L’hyperparathyroïdie primaire est la cause la plus fréquente d’hypercalcémie. Jusqu’à 2 % des femmes après la ménopause pourraient avoir une hyperparathyroïdie primaire ; toutefois, on connaît mal les facteurs de risque d’hyperparathyroïdie primaire. Certaines pathologies héréditaires comme les néoplasies endocriniennes multiples ou l’irradiation cervicale exposent, mais pour un très faible nombre de cas, à l’hyperparathyroïdie primaire. Les facteurs susceptibles de stimuler la PTH et d’augmenter la probabilité qu’une cellule parathyroïdienne acquiert une mutation somatique puis une prolifération clonale sont donc intéressants à chercher dans ce contexte. Comme on sait que la consommation de calcium influence le niveau de PTH, il était intéressant d’analyser la relation entre la consommation de calcium et le risque d’hyperparathyroïdie primaire. C’est ce qu’a fait une équipe d’épidémiologistes de Boston qui a analysé, dans la cohorte prospective de la Nurses’ Health Study, les relations entre la concentration de calcium et la survenue ultérieure d’une hyperparathyroïdie primaire.

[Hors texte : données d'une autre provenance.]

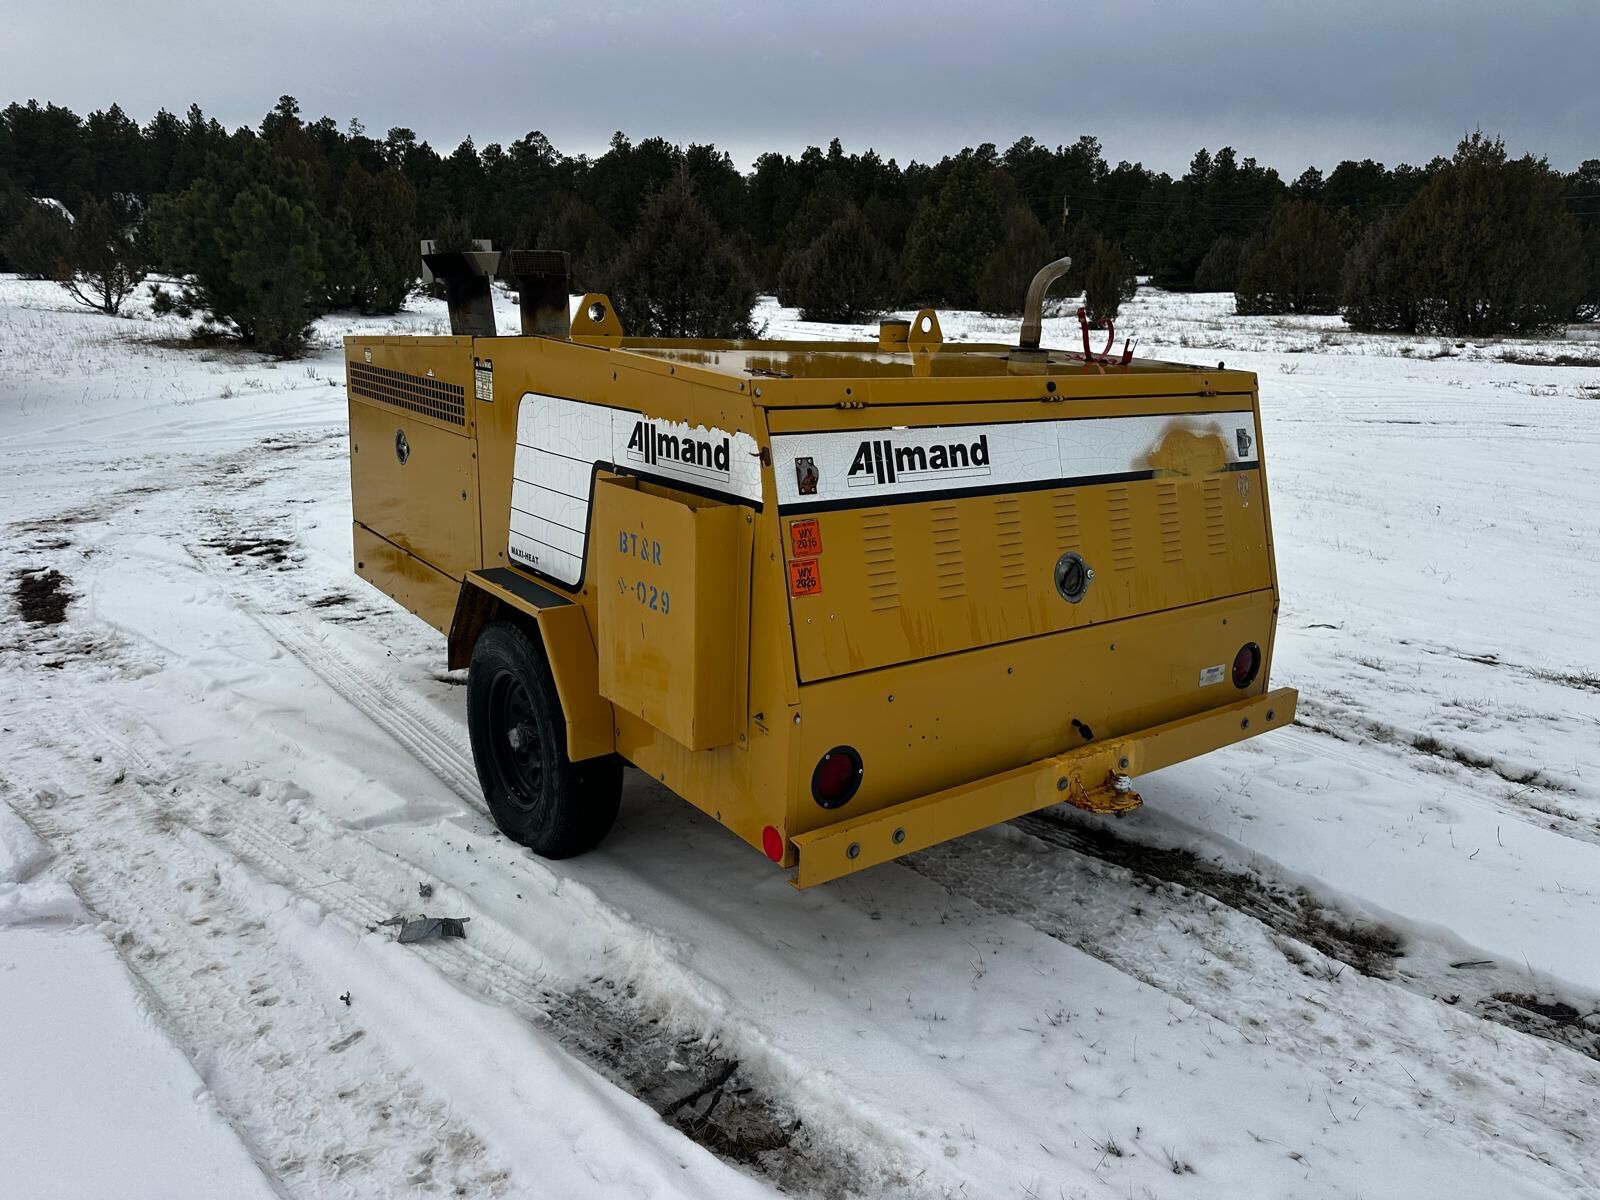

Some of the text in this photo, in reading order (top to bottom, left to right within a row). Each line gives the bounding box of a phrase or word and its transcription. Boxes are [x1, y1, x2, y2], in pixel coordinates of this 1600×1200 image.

[627, 421, 731, 472] Allmand
[847, 434, 991, 485] Allmand
[798, 528, 813, 539] WY
[511, 546, 539, 565] MAXI-HEAT
[619, 530, 662, 566] BT&R
[797, 566, 812, 577] WY
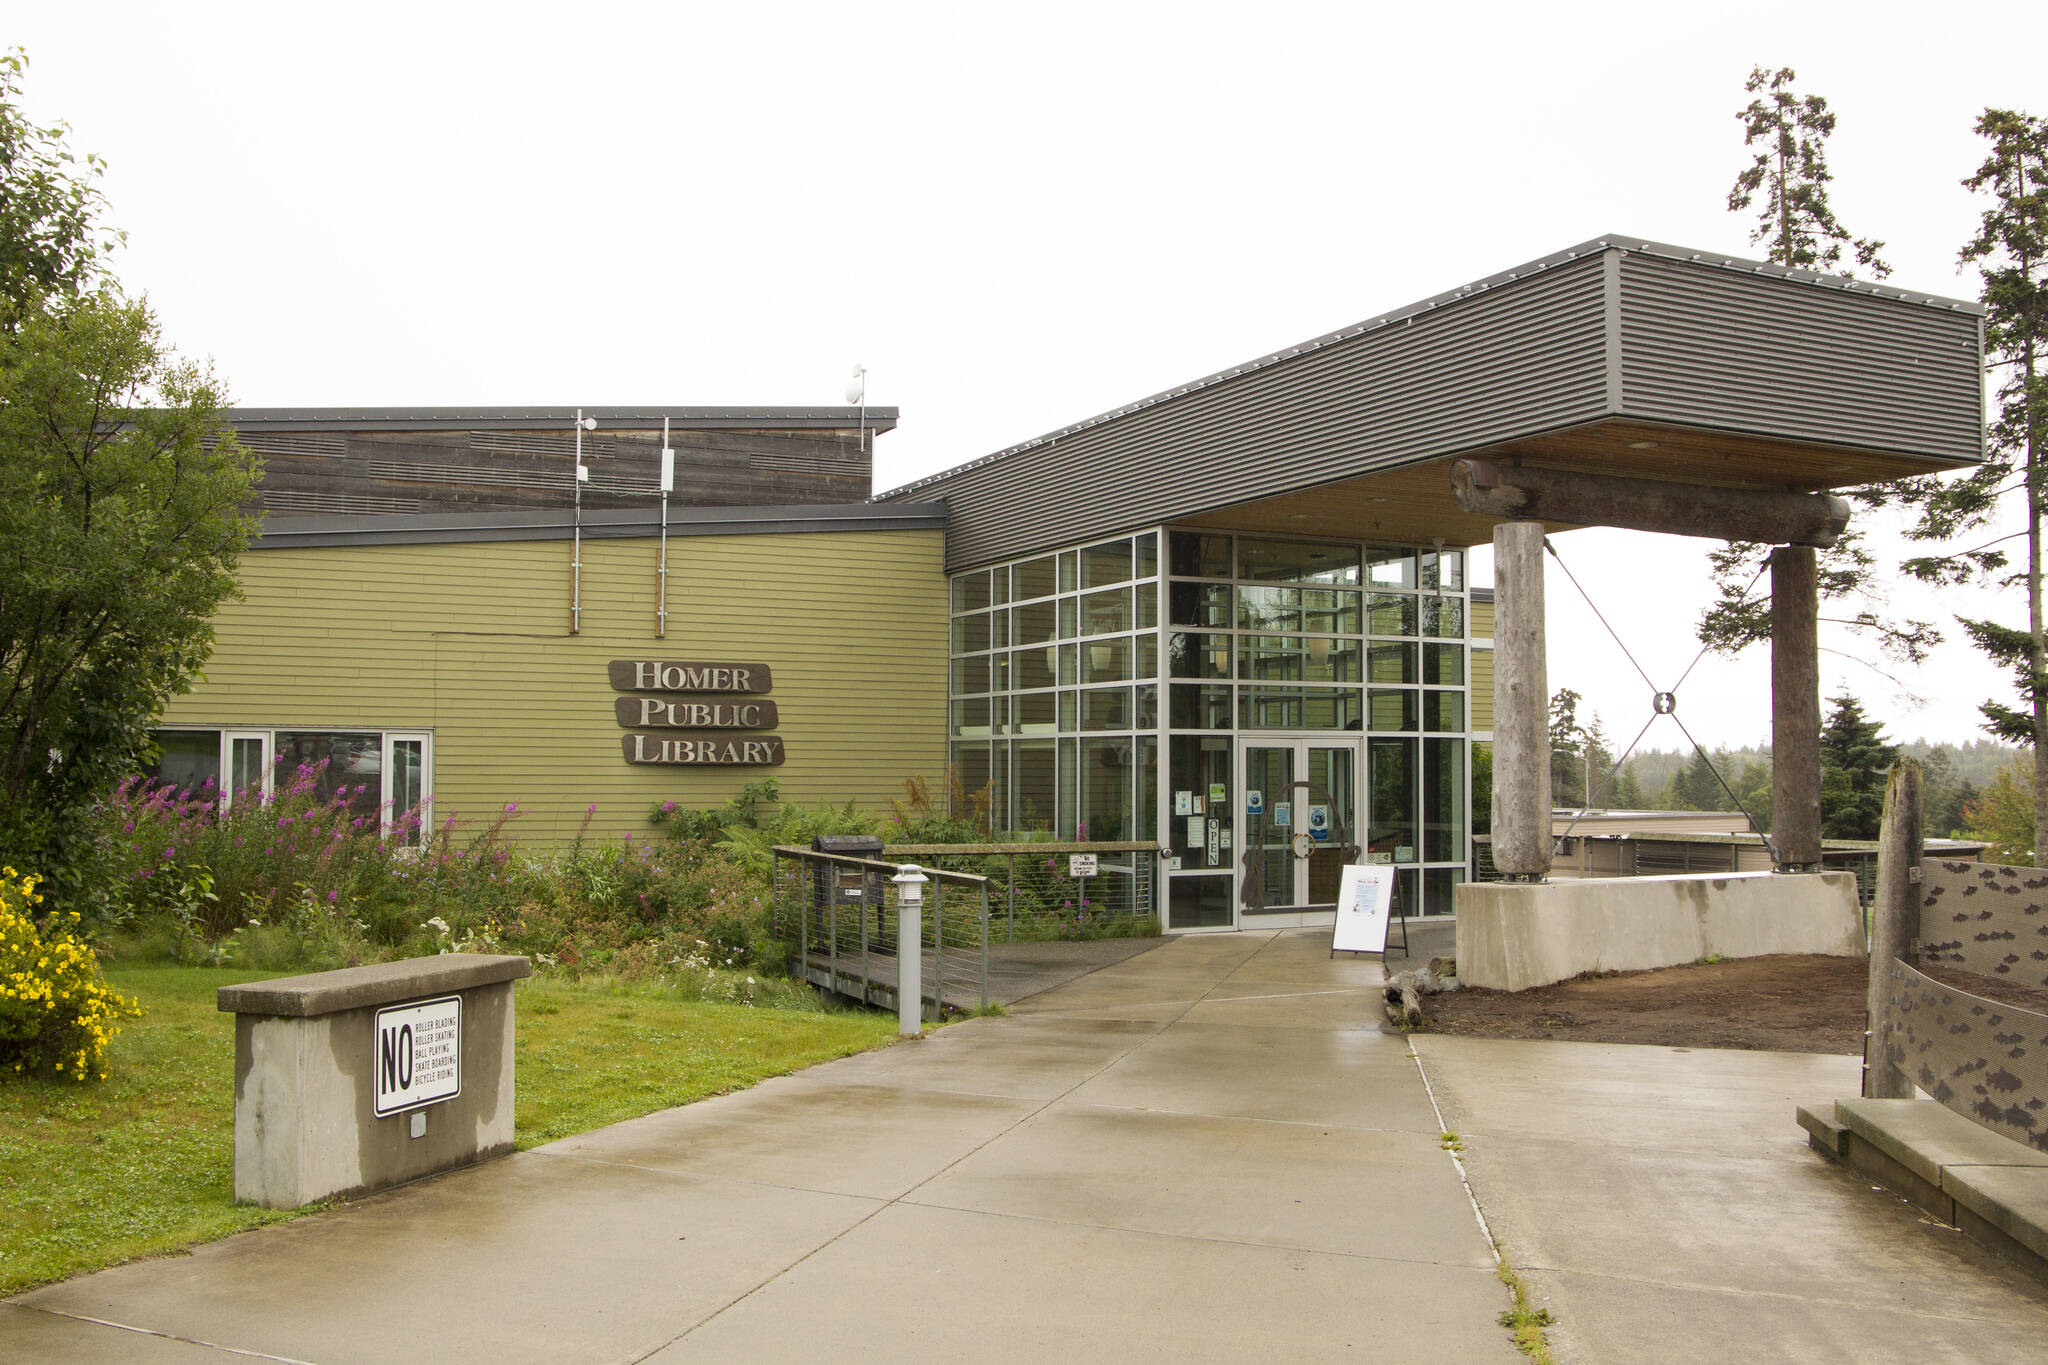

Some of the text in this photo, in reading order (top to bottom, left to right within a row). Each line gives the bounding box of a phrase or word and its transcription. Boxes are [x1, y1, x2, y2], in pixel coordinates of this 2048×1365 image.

[634, 662, 751, 690] HOMER
[640, 698, 761, 727] PUBLIC
[633, 735, 779, 763] LIBRARY
[1209, 820, 1218, 864] OPEN
[415, 1016, 456, 1033] ROLLER BLADING
[415, 1029, 455, 1046] ROLLER SKATING
[382, 1024, 413, 1095] NO
[415, 1043, 449, 1059] BALL PLAYING
[415, 1054, 456, 1073] SKATE BOARDING
[415, 1068, 454, 1086] BICYCLE RIDING
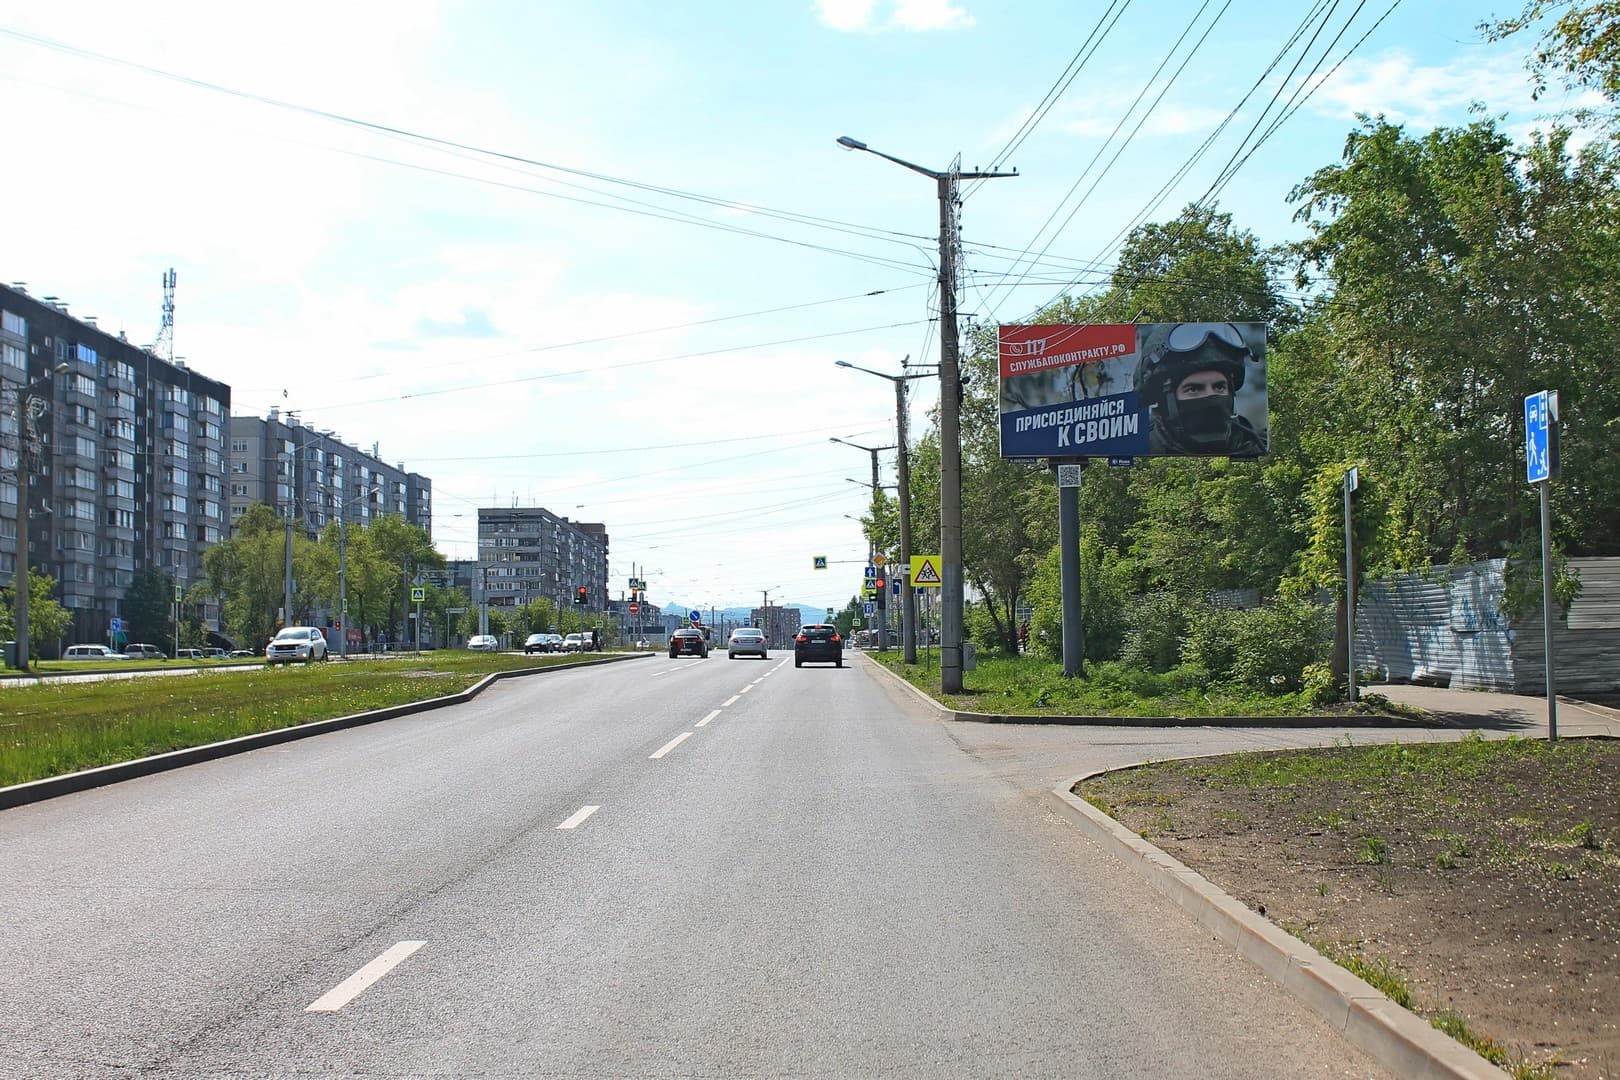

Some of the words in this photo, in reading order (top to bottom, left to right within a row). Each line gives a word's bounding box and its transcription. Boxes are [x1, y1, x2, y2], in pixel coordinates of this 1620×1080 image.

Il s’agissait de 58 354 infirmières, enrôlées dans cette étude alors qu’elles avaient 39 à 66 ans en 1986, qui n’avaient pas d’antécédent d’hyperparathyroïdie primaire. Au cours des 22 ans de suivi, 277 cas d’hyperparathyroïdie primaire sont survenus. Les femmes ont été divisées en 5 groupes en fonction de la consommation de calcium alimentaire. Après ajustement pour l’âge, l’IMC, l’origine ethnique et d’autres facteurs, le risque relatif d’hyperparathyroïdie primaire chez les femmes du groupe ayant la consommation de calcium la plus élevée (quintile supérieur) était de 0.56 (IC 95 % : 0.37-0.86, p = 0.009) en comparaison du groupe ayant la consommation la plus basse. Le risque relatif multivarié d’hyperparathyroïdie primaire chez les femmes prenant plus de 500 mg par jour de supplément de calcium en comparaison de celles qui n’en prenaient pas était de 0.81 (IC 95 % : 0.29-0.60, p < 0.001). Lorsque l’analyse était restreinte aux participantes ayant des examens physiques réguliers, il n’y avait pas de changement significatif dans cette association entre la prise de calcium et le risque d’hyperparathyroïdie primaire. En conclusion, il semble donc bien que l’augmentation de la consommation de calcium soit associée de manière indépendante à une réduction du risque d’hyperparathyroïdie primaire chez la femme.